[Start of Attachment]
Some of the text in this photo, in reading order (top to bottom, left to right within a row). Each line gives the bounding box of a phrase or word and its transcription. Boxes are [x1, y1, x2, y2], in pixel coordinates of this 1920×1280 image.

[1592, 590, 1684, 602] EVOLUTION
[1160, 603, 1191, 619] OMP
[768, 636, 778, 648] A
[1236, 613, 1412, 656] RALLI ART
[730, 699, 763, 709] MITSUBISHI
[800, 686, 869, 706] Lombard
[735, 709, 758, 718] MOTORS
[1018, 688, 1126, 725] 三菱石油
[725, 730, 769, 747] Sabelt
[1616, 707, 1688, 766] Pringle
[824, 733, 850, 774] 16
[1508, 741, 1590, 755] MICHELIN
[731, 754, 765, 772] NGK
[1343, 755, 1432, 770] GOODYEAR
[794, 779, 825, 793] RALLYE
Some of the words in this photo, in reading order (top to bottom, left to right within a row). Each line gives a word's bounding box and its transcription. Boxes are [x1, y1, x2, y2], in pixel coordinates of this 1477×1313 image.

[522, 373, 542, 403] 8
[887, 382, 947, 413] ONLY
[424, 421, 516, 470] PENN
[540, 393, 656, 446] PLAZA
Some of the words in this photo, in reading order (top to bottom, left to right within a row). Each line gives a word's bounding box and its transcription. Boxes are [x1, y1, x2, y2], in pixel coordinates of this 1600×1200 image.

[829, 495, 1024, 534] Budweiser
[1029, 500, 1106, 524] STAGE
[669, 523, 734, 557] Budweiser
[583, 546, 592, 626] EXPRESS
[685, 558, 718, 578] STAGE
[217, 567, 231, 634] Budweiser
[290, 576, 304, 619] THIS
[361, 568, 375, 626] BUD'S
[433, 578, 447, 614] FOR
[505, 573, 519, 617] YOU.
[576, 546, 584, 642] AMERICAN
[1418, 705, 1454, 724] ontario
[End of Attachment]
What is being asked >> Reproduce the entries above exactly, every line included.

Answer section >>
Some of the text in this photo, in reading order (top to bottom, left to right within a row). Each line gives the bounding box of a phrase or word and its transcription. Boxes are [x1, y1, x2, y2], in pixel coordinates of this 1920×1280 image.

[1592, 590, 1684, 602] EVOLUTION
[1160, 603, 1191, 619] OMP
[768, 636, 778, 648] A
[1236, 613, 1412, 656] RALLI ART
[730, 699, 763, 709] MITSUBISHI
[800, 686, 869, 706] Lombard
[735, 709, 758, 718] MOTORS
[1018, 688, 1126, 725] 三菱石油
[725, 730, 769, 747] Sabelt
[1616, 707, 1688, 766] Pringle
[824, 733, 850, 774] 16
[1508, 741, 1590, 755] MICHELIN
[731, 754, 765, 772] NGK
[1343, 755, 1432, 770] GOODYEAR
[794, 779, 825, 793] RALLYE
Some of the words in this photo, in reading order (top to bottom, left to right within a row). Each line gives a word's bounding box and its transcription. Boxes are [x1, y1, x2, y2], in pixel coordinates of this 1477×1313 image.

[522, 373, 542, 403] 8
[887, 382, 947, 413] ONLY
[424, 421, 516, 470] PENN
[540, 393, 656, 446] PLAZA
Some of the words in this photo, in reading order (top to bottom, left to right within a row). Each line gives a word's bounding box and its transcription. Boxes are [x1, y1, x2, y2], in pixel coordinates of this 1600×1200 image.

[829, 495, 1024, 534] Budweiser
[1029, 500, 1106, 524] STAGE
[669, 523, 734, 557] Budweiser
[583, 546, 592, 626] EXPRESS
[685, 558, 718, 578] STAGE
[217, 567, 231, 634] Budweiser
[290, 576, 304, 619] THIS
[361, 568, 375, 626] BUD'S
[433, 578, 447, 614] FOR
[505, 573, 519, 617] YOU.
[576, 546, 584, 642] AMERICAN
[1418, 705, 1454, 724] ontario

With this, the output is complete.